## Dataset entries
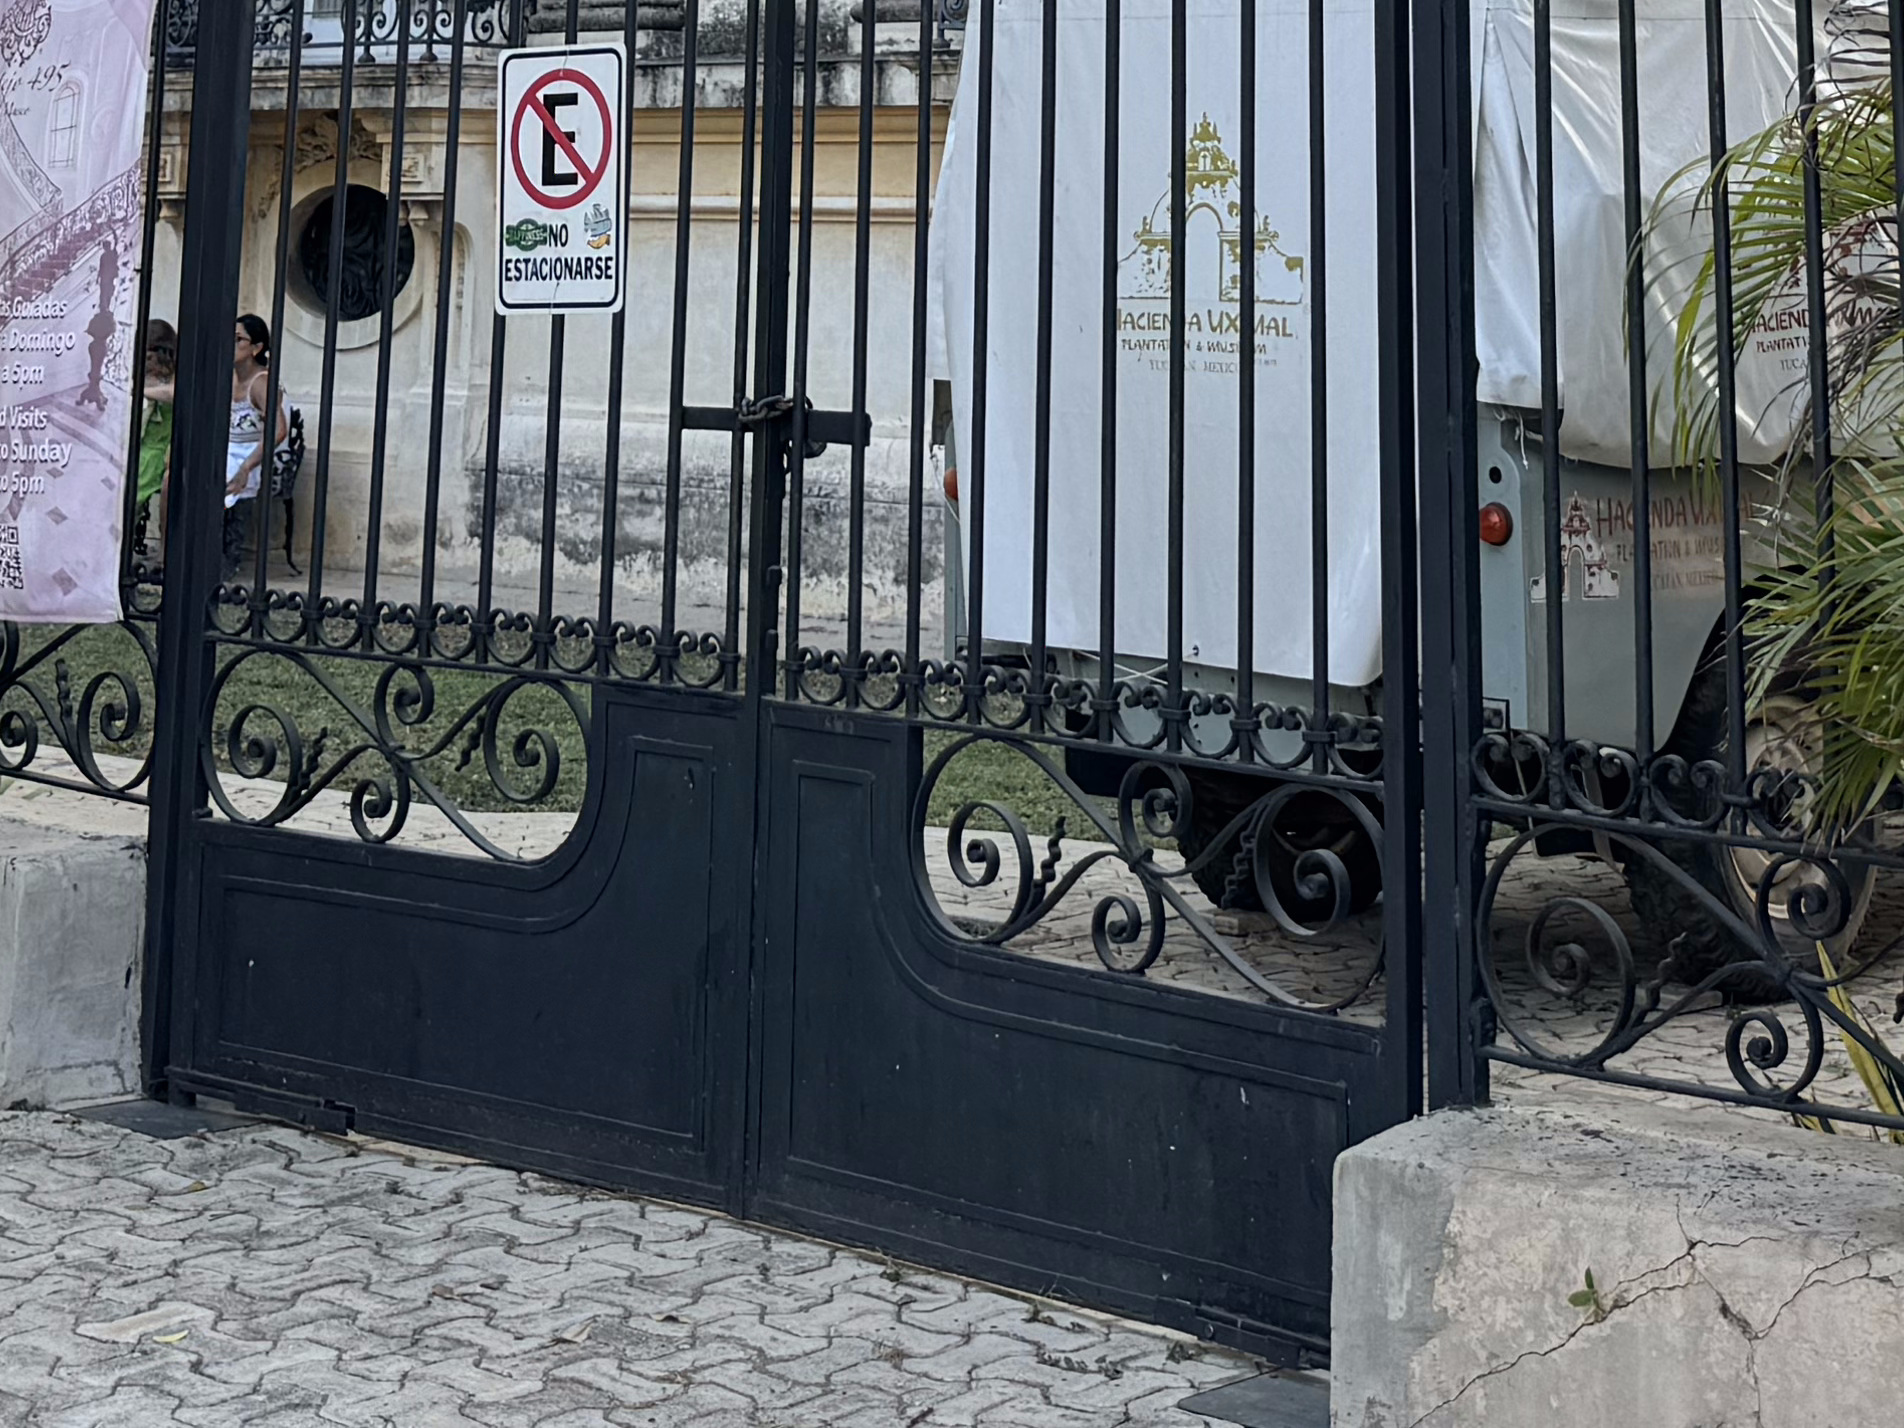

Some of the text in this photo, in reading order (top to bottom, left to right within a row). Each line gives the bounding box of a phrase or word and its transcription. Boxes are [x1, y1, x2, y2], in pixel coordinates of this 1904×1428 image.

[27, 61, 72, 93] 495
[542, 92, 579, 187] E
[548, 223, 569, 248] NO
[504, 255, 614, 282] ESTACIONARSE
[1117, 308, 1202, 332] ACIENA
[1752, 308, 1810, 333] ACIEND
[9, 328, 76, 357] Domingo
[1121, 338, 1191, 352] PLANTATN
[1207, 340, 1267, 355] MUSM
[1756, 335, 1807, 354] PLANTATI
[11, 362, 45, 391] 5pm
[9, 405, 49, 431] Visits
[11, 437, 73, 469] Sunday
[10, 470, 45, 499] 5pm
[1596, 496, 1687, 537] HACNDA

## Problem statement
Omit the pictures, then output every record exactly as given.

## Output of the task
Some of the text in this photo, in reading order (top to bottom, left to right within a row). Each line gives the bounding box of a phrase or word and its transcription. Boxes are [x1, y1, x2, y2], in pixel coordinates of this 1904×1428 image.

[27, 61, 72, 93] 495
[542, 92, 579, 187] E
[548, 223, 569, 248] NO
[504, 255, 614, 282] ESTACIONARSE
[1117, 308, 1202, 332] ACIENA
[1752, 308, 1810, 333] ACIEND
[9, 328, 76, 357] Domingo
[1121, 338, 1191, 352] PLANTATN
[1207, 340, 1267, 355] MUSM
[1756, 335, 1807, 354] PLANTATI
[11, 362, 45, 391] 5pm
[9, 405, 49, 431] Visits
[11, 437, 73, 469] Sunday
[10, 470, 45, 499] 5pm
[1596, 496, 1687, 537] HACNDA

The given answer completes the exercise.